The council has temporarily replaced the streetlights with long lasting flares until it can find replacement bulbs.

MAN TO MAKE PORN FILM AFTER PEEPING IN CAR PARK BEHIND CLUBS

A peeping tom, who originally started out making films of urban nocturnal wildlife, has compiled hundreds of public sex displays in a Kidderminster car park to sell as porn video "Car park action."

Pierre Vert, 42, said he hopes to make "a lot of money through peoples dirtiness."
The highlight of the video involves a man giving oral relief to a female on a car bonnet before going to sleep for 6 minutes whilst still positioned between her thighs, the woman looking baffled.

Mr Vert said he himself is not interested in watching the video but said a friend persuaded him to sell the film of the couples on DVD.

Speaking to the Echo, Mr Vert explained
"One minute I was watching the social attitudes of the urban fox, next thing I know I spot a man with his thing out putting it into a womans chasm. I was shocked. It wasnt until I had experienced this about two hundred times that a friend mentioned I should sell the videos as pornographic material."

Mr Vert explained that the video, recorded over a period of three months behind Home nightclub and Vizi Bar, has been pre ordered by 100,000 people so far.

HARRIERS DITCH BIRD MASCOT PROMPTING TEAM NAME CHANGE

Kidderminster Harriers are to now be known as the Kidderminster Mice after the clubs board decided to change the name in a bid to hold onto old Kidderminster roots.

As many local historians know, the traditional Kidderminster creature, as featured on the towns crest of arms from 1649, is a fieldmouse.

Kidderminster Mice as they are now known will be using a new mascot from the end of this season. Mike the Mouse is set to be a "Big hit with fans young and old" according to the board.

KIDDERMINSTER WOMAN TOLD BY WORKERS "GET PLASTIC SURGERY OR QUIT"

An aestethically unpleasing woman has been told by her bosses that she faces the sack unless she has plastic surgery.

Marjorie Gargol, of Park Lane, Kidderminster, said
"My boss called me into the office and told me I would receive a letter. I thought nothing of it until I received the letter two days later. It basically said, 'have plastic surgery or be fired'. It is crazy."

Marjorie, who resembles one of Channel Fours 'Bo-Selecta' characters, is employed by U.G.L.E (United Global Loan Enterprise).
Her boss, Hans Soom, said
"We deal with clients where first impressions count. We have offered to pay for this woman to look twenty years younger, with a nicer face. We have even thrown in a boob job to keep her pert.
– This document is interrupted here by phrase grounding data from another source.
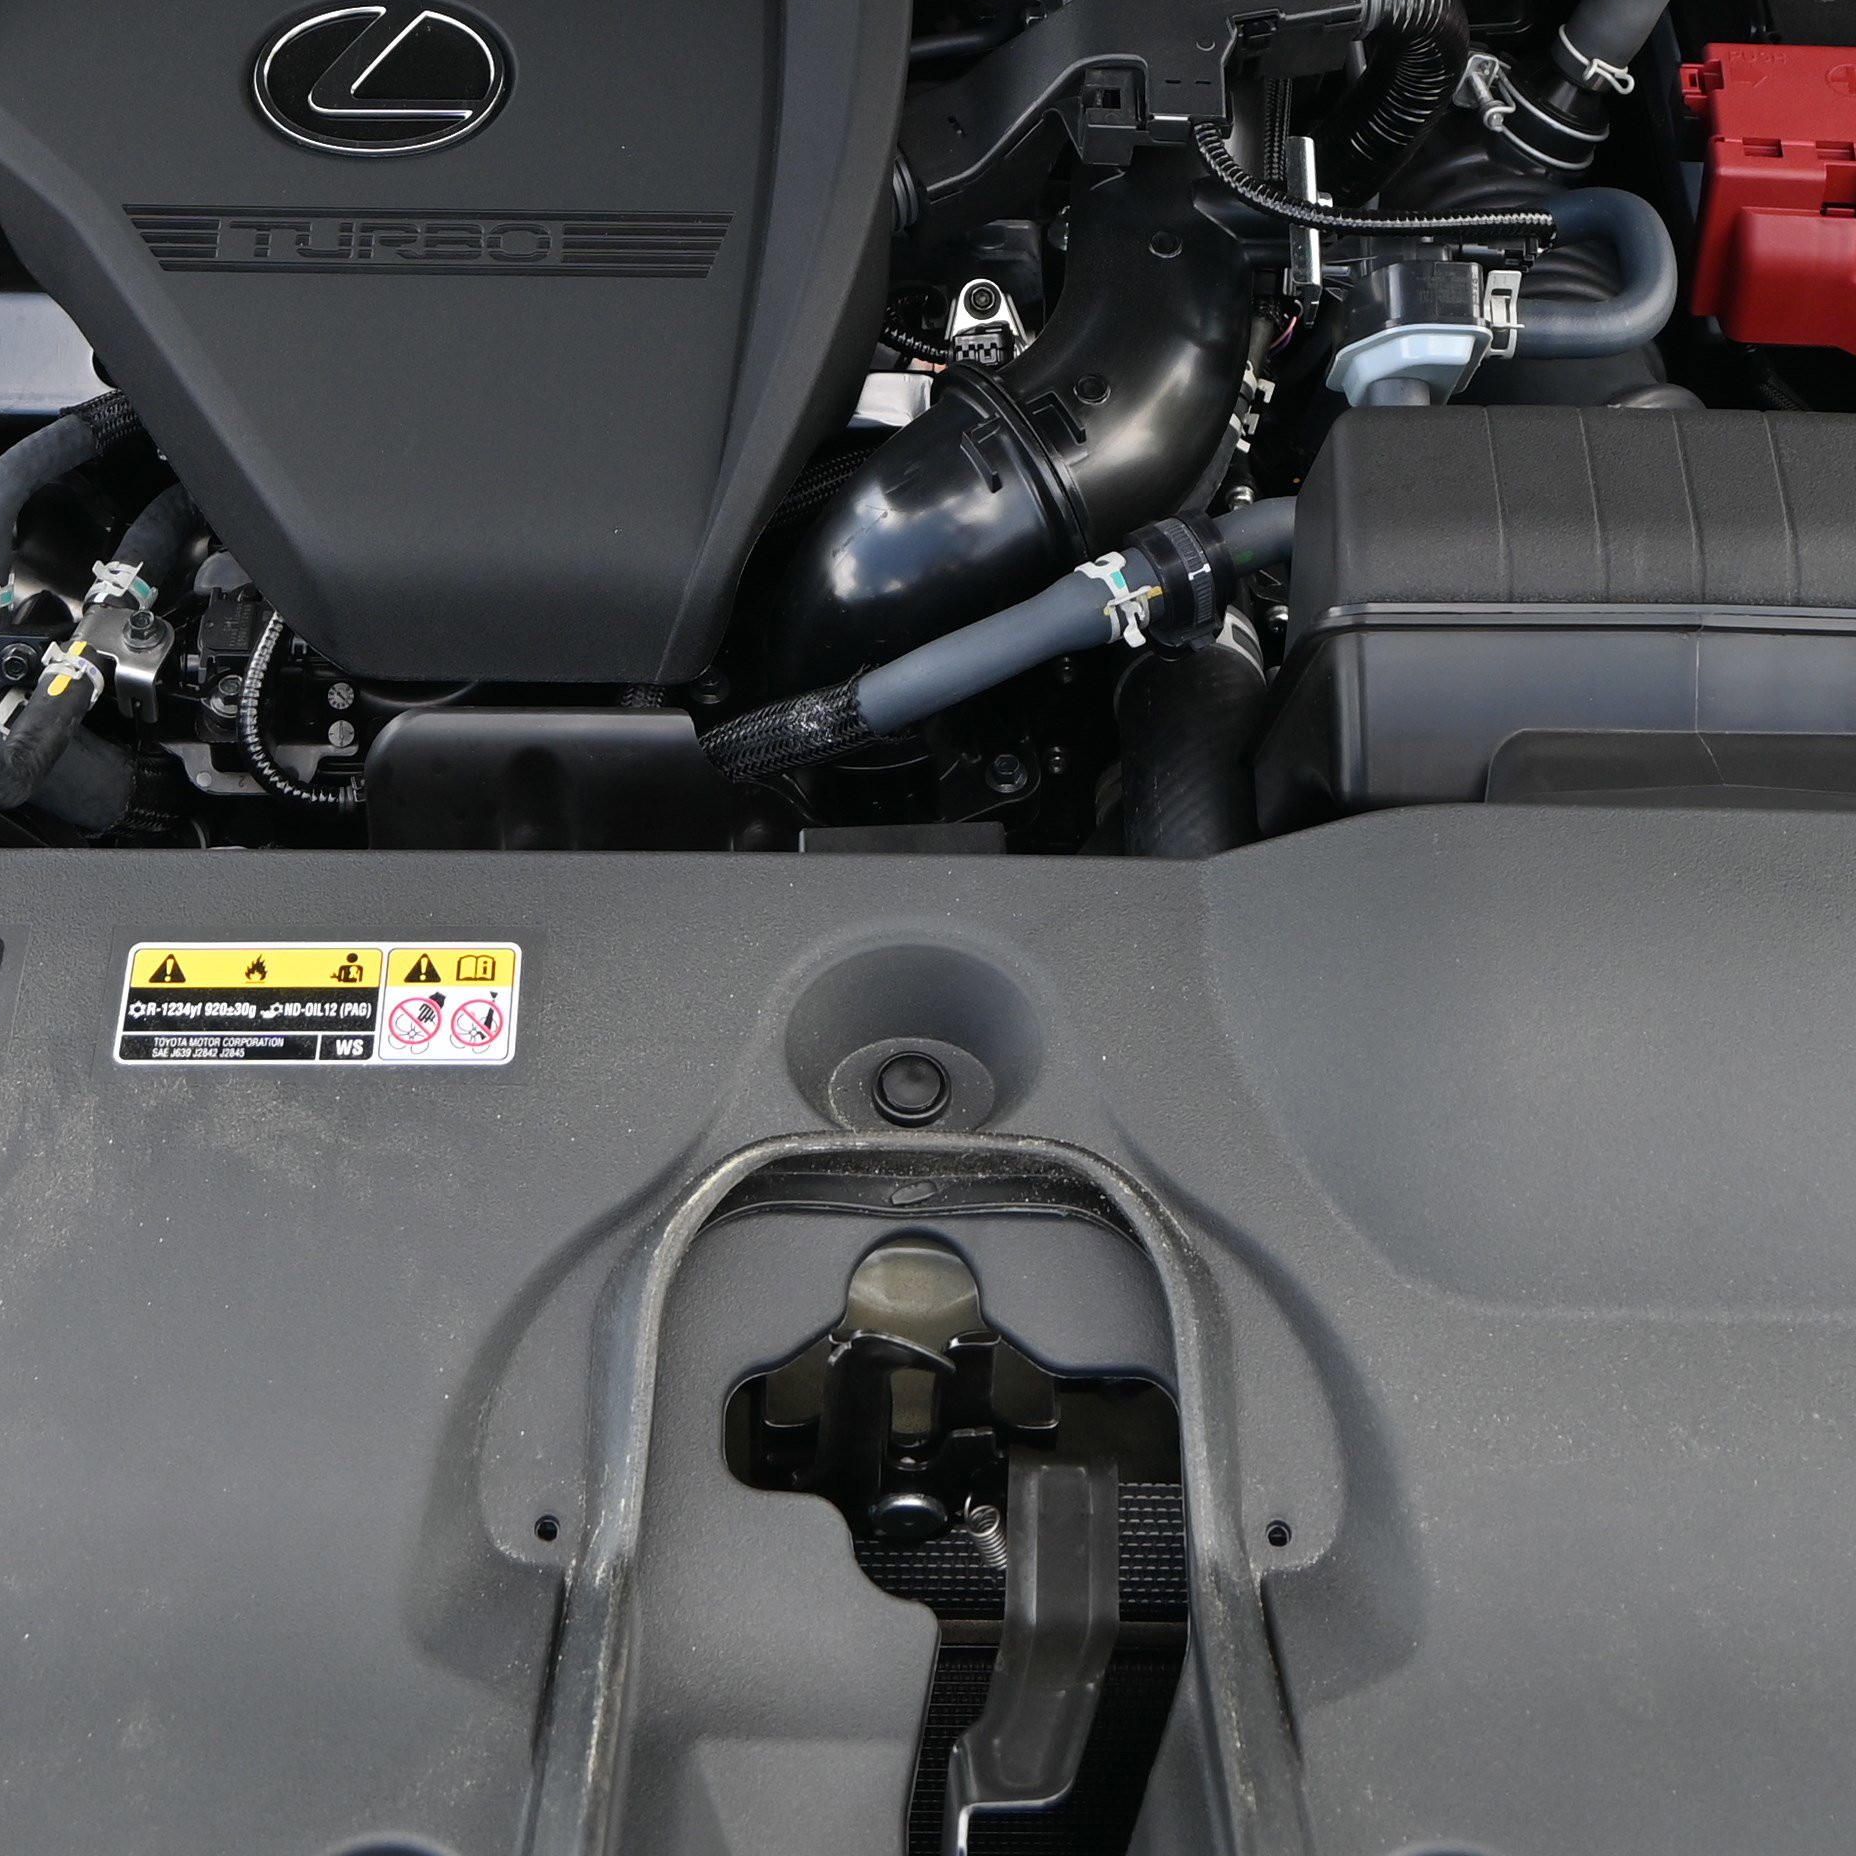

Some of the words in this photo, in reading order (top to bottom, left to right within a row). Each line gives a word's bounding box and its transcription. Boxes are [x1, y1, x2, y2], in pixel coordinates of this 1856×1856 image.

[231, 219, 554, 263] TURBO
[146, 1002, 202, 1019] R-1234yf
[205, 1002, 257, 1019] 920±30g
[339, 1003, 372, 1020] (PAG)
[153, 1037, 187, 1048] TOYOTA
[188, 1037, 220, 1048] MOTOR
[222, 1037, 284, 1048] CORPORATION
[335, 1039, 364, 1056] WS
[152, 1048, 168, 1058] SAE
[169, 1048, 190, 1058] J639
We care. That is all."

Marjorie said
"They should employ me because of my skills. Not because they think my boobs aren't right."

WOMAN CLIMBS KIDDERMINSTERS UGLIEST BUILDING AND URINATES

Police are dealing with a situation at the moment involving a urinating woman on part of Crown House in Kidderminster.

Police evacuated the nearby Post Office after the woman attempted to urinate on pedestrians. The woman has now been on the building for nearly 4 hours.
Police did originally plan to shoot her with a Tazer gun but decided againt it because of electrocution risks because of falling 'spray'.

Members of the public are being urged not to approach the woman as she is not showing any signs of stopping. The woman shouted earlier
"I have 29 bottles of coke so I can go for days!".

Police are drafting in a special bucket to catch any of the urine.

Thursday, 9 January 2014

UPDATE: PETROL STATION RAIDER WORE HUMAN MASK

The raider who attempted to rob Sainsburys petrol station in Kidderminster was wearing a human mask.

Police say they are looking for a red male, about seven feet in height with goat horns and a deep voice.

Police have ruled out the possibility of Elmo from Sesame Street being a suspect.